The ability to do something online and then be able to carry that experience to the physical store is really important. Take couponing, for example. As you know, consumers love coupons, daily deals, and other discount offers, and merchants rely on them to attract new customers and return visits from existing customers. However, redemption of these offers is usually paper based—a cumbersome and inconvenient process for both the consumers and merchants.
Our OfferWise solution simplifies offer redemption and makes it seamless, by letting consumers link their discounts to a payment card or mobile wallet and redeem them automatically at a participating merchant’s point of sale. Merchants can take advantage of this solution with no changes to their points of sale, operations, or infrastructure— and more than 500,000 merchants can accept these card-linked redemptions.
This capability is valuable, because it removes the clunky nature of paper. It delivers real value to consumers, who now don’t need to clip coupons or print out paper that proves they bought a deal, registered for a loyalty program, or have a certain number of reward points.
PwC: What is the greatest challenge in what you are doing and what is the greatest benefit?

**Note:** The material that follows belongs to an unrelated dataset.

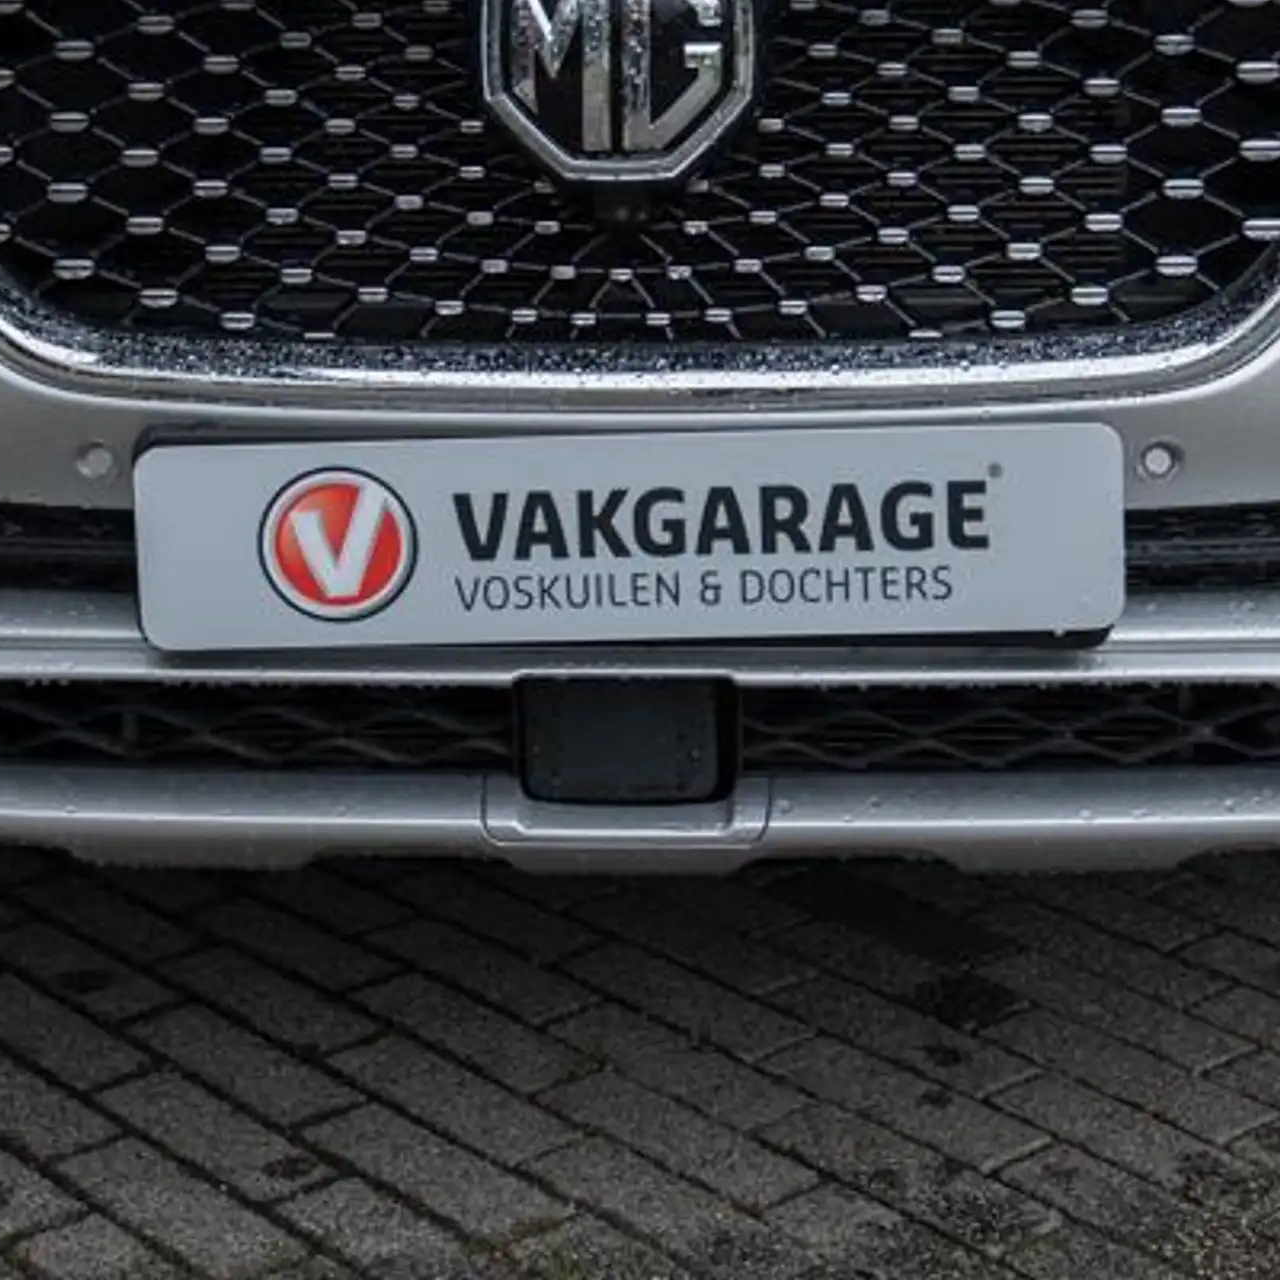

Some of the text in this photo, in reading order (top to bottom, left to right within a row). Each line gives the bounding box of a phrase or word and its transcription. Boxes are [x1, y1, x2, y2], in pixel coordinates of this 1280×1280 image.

DM: For a long time, there has not been a cost-effective way to deliver insight back to the point of sale. Most point of sale systems use old technology, and it’s fairly costly to change that. In addition to the point of sale devices, what has held us back is the fact that the outermost edge is a very narrow and highly specialized network service. It does authorization and settlement—a two-part message or a one-part message. Sure, it does that for a number of account types, but only these few things.
The opportunity with universal commerce is much broader and deeper. We now have this data in the cloud, and the work going forward is how to deliver the acknowledgments that help our merchants and their consumers get a much richer level of engagement, relationship, membership, and insight into the end-to-end experience. We’re just at the early stages of that. We think it’s critically important in the mobile channel and the future.